Thorn Township is one of the fourteen townships of Perry County, Ohio, United States. The 2020 census found 4,555 people in the township.

==Geography==
Located in the northwestern corner of the county, it borders the following townships:
- Licking Township, Licking County - north
- Bowling Green Township, Licking County - northeast
- Hopewell Township - east
- Reading Township - southeast
- Richland Township, Fairfield County - south
- Walnut Township, Fairfield County - west
- Union Township, Licking County - northwest corner

The village of Thornville is located in northeastern Thorn Township.

==Name and history==
Thorn Township was organized around 1804, and was so named on account of there being many thorny plants within its borders. It is the only Thorn Township statewide.

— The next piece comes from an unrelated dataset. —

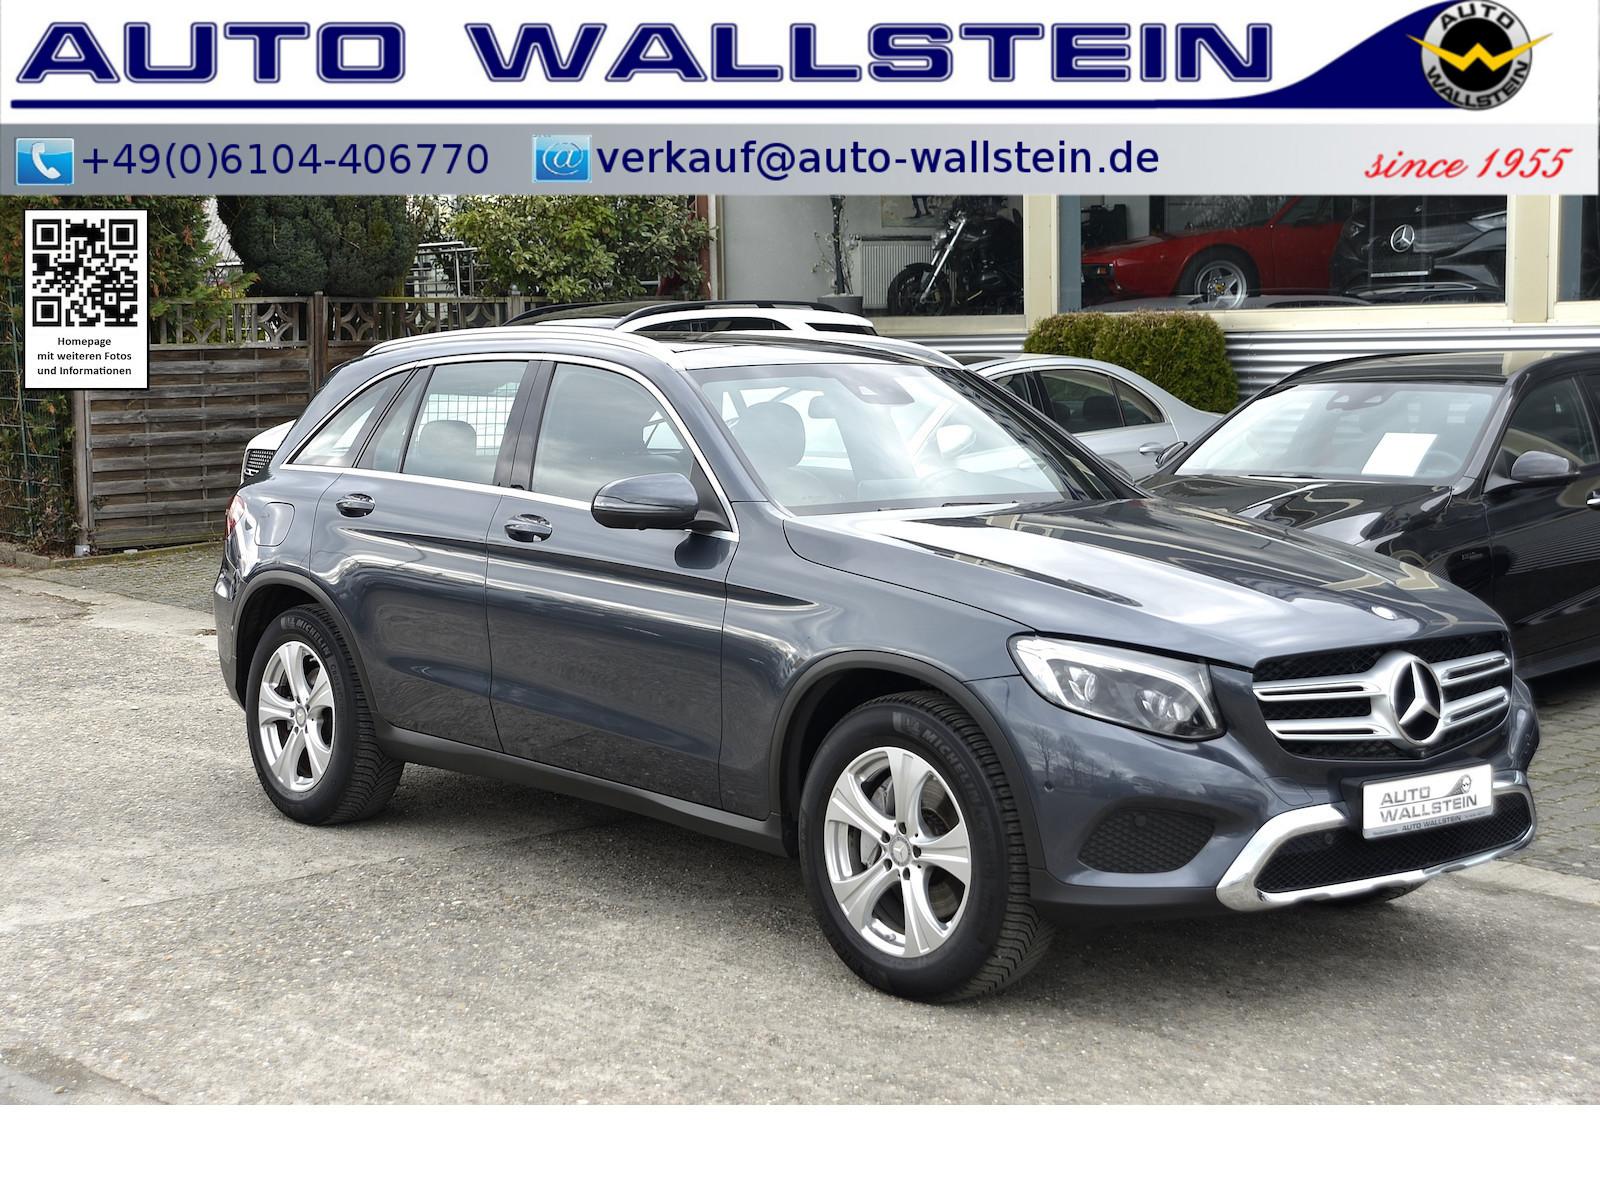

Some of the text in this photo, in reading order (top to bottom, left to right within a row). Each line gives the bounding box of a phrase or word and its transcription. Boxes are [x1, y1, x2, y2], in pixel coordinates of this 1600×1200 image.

Thorn Township borders Buckeye Lake, formerly known as the Licking Summit Reservoir. The unincorporated village of Thornport was platted in 1839 by W. W. Talbott, whose canal improvement company dug a private canal to connect Thorn Township and its farmers to the Licking Summit Reservoir and the canal trade, bringing some prosperity to the township. After a storm, the village fell into ruin, until a nearby railroad reestablished grain networks. Today, the northern edge of Thorn Township is composed of lake-side homes, many of which are owned by prosperous residents of nearby cities, such as Zanesville, Newark and Columbus.

==Government==
The township is governed by a three-member board of trustees, who are elected in November of odd-numbered years to a four-year term beginning on the following January 1. Two are elected in the year after the presidential election and one is elected in the year before it. There is also an elected township fiscal officer, who serves a four-year term beginning on April 1 of the year after the election, which is held in November of the year before the presidential election. Vacancies in the fiscal officership or on the board of trustees are filled by the remaining trustees.